• TO DO:
Output the data below exactly as it is, dropping the pictures from your copy.

• Dataset excerpts:
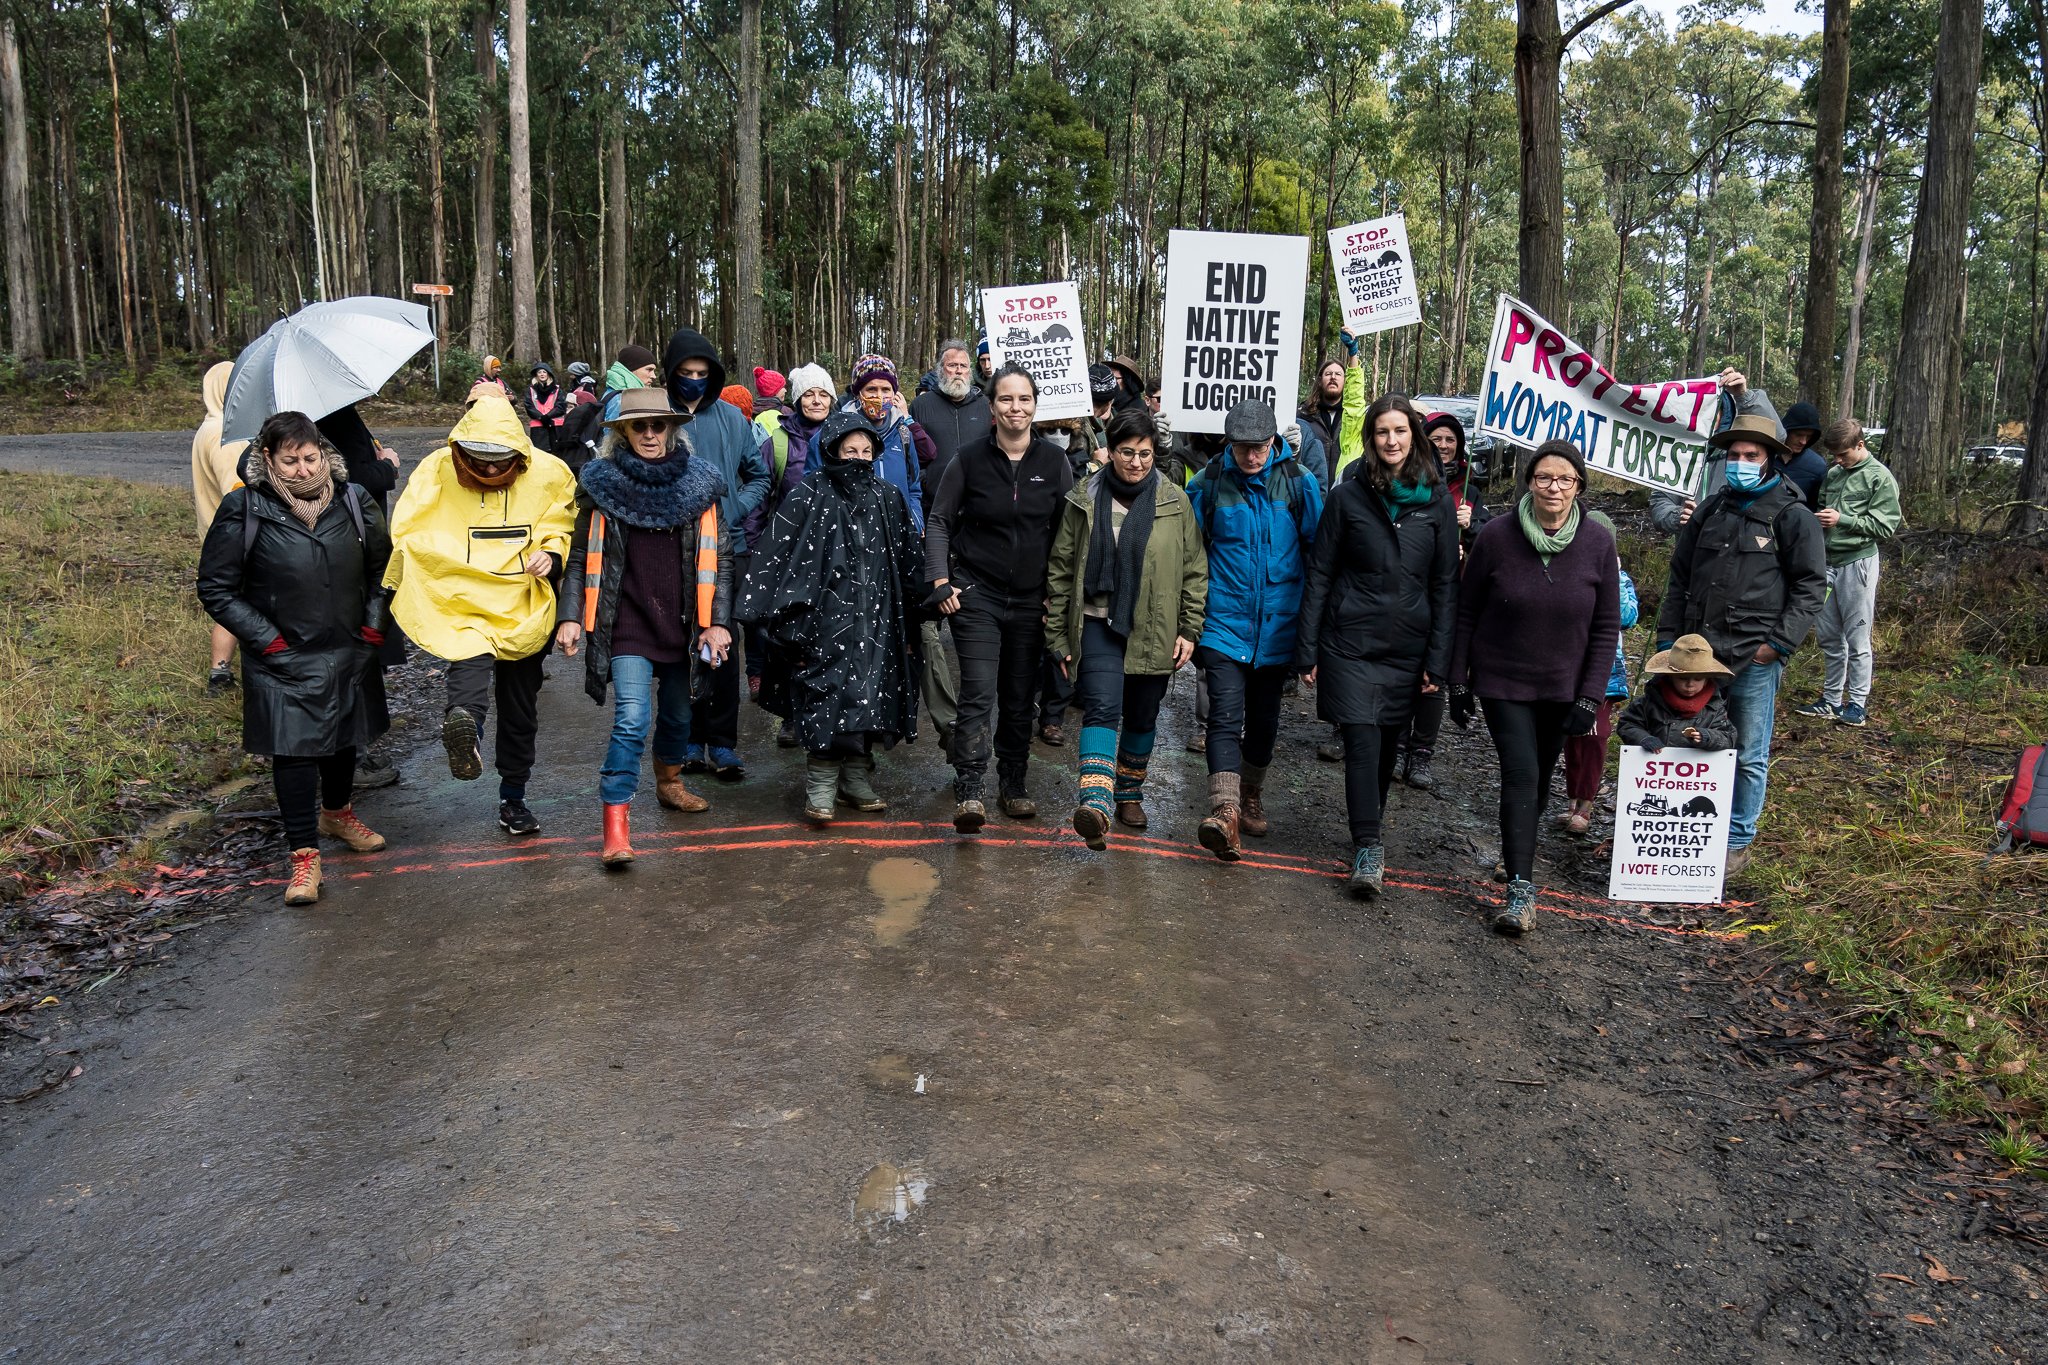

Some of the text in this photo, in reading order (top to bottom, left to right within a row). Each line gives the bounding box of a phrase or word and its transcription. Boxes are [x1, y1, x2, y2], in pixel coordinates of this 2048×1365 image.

[1346, 227, 1389, 246] STOP
[1205, 261, 1267, 304] END
[1348, 267, 1401, 286] PROTECT
[1349, 276, 1403, 295] WOMBAT
[1004, 295, 1058, 312] STOP
[1356, 286, 1400, 303] FOREST
[1353, 305, 1374, 317] VOTE
[1375, 296, 1413, 312] FORESTS
[1186, 306, 1281, 346] NATIVE
[1004, 345, 1072, 361] PROTECT
[1183, 345, 1279, 382] FOREST
[1501, 308, 1717, 432] PROTECT
[1032, 368, 1069, 381] REST
[1484, 371, 1705, 490] WOMBAT FOREST
[1645, 761, 1710, 778] STOP
[1632, 820, 1713, 833] PROTECT
[1631, 833, 1712, 846] WOMBAT
[1637, 846, 1704, 858] FOREST
[1620, 863, 1716, 877] I VOTE FORESTS
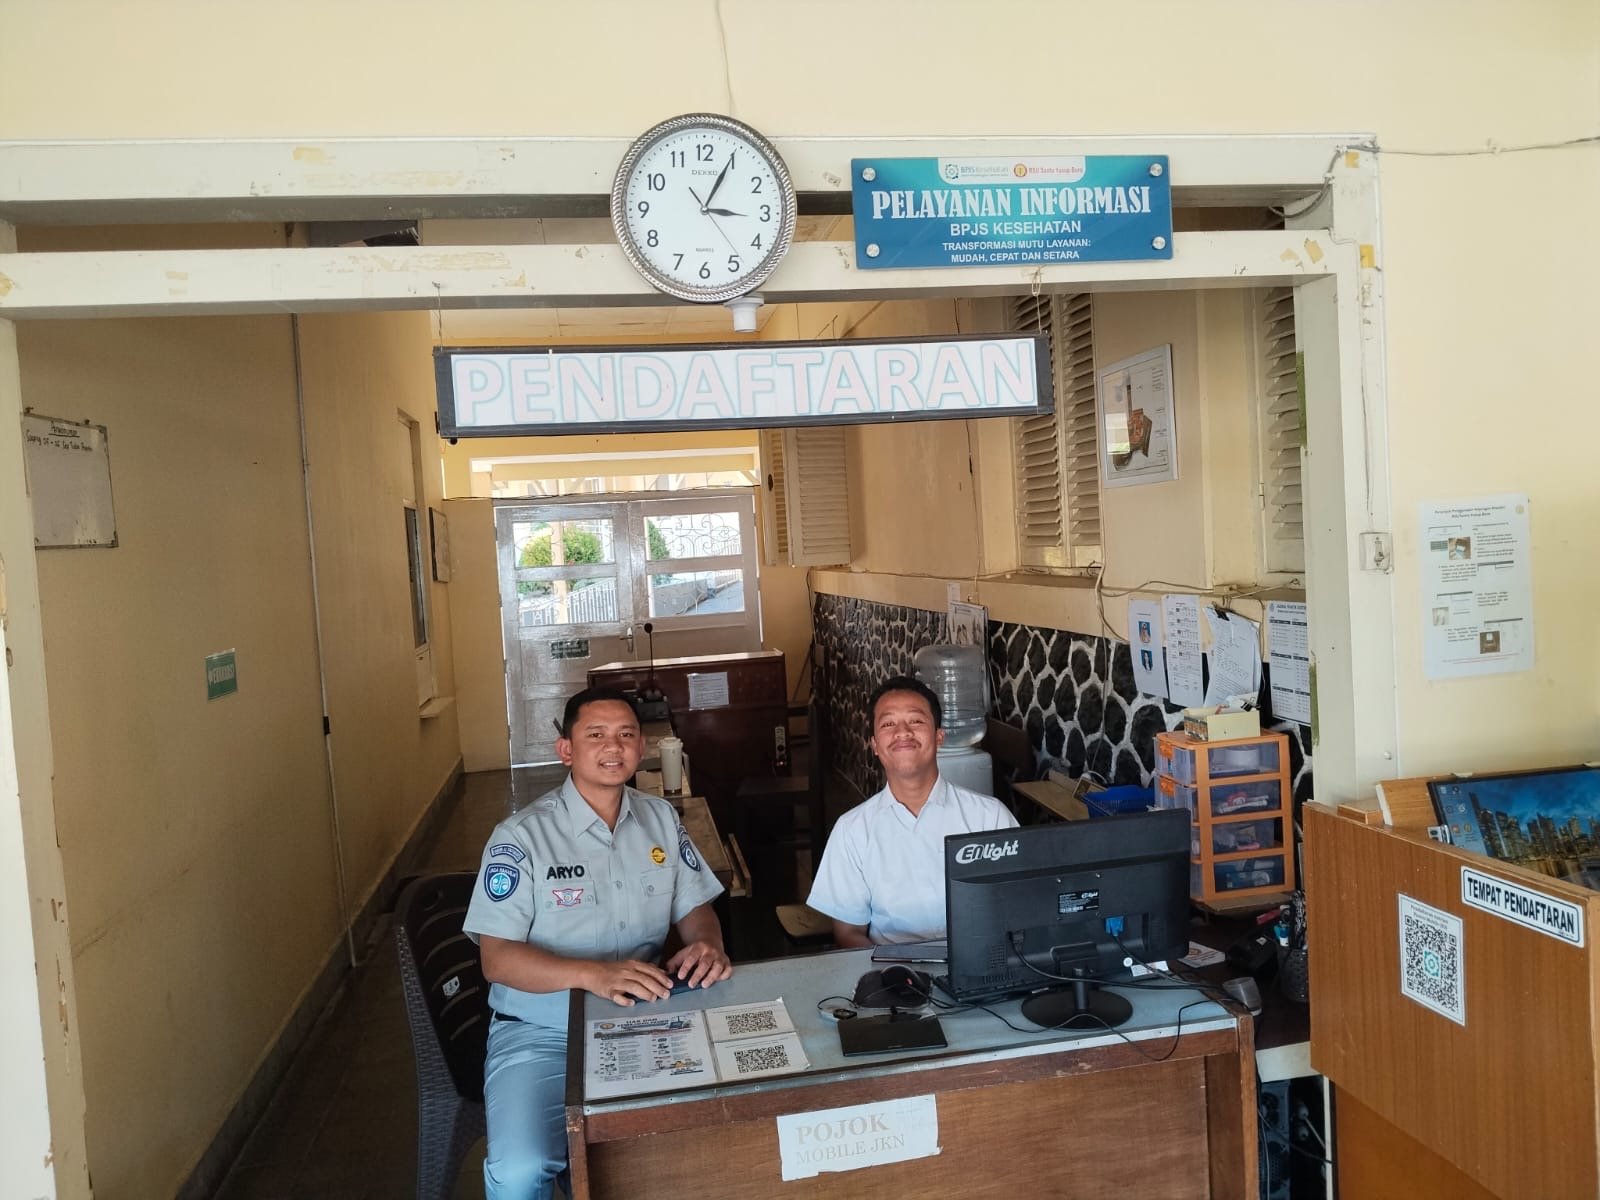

• ANSWER SPACE:
Some of the text in this photo, in reading order (top to bottom, left to right within a row). Each line gives the bounding box of a phrase or word and its transcription. Boxes are [x1, y1, x2, y2], in pixel coordinates of this 2048×1365 image.

[1346, 227, 1389, 246] STOP
[1205, 261, 1267, 304] END
[1348, 267, 1401, 286] PROTECT
[1349, 276, 1403, 295] WOMBAT
[1004, 295, 1058, 312] STOP
[1356, 286, 1400, 303] FOREST
[1353, 305, 1374, 317] VOTE
[1375, 296, 1413, 312] FORESTS
[1186, 306, 1281, 346] NATIVE
[1004, 345, 1072, 361] PROTECT
[1183, 345, 1279, 382] FOREST
[1501, 308, 1717, 432] PROTECT
[1032, 368, 1069, 381] REST
[1484, 371, 1705, 490] WOMBAT FOREST
[1645, 761, 1710, 778] STOP
[1632, 820, 1713, 833] PROTECT
[1631, 833, 1712, 846] WOMBAT
[1637, 846, 1704, 858] FOREST
[1620, 863, 1716, 877] I VOTE FORESTS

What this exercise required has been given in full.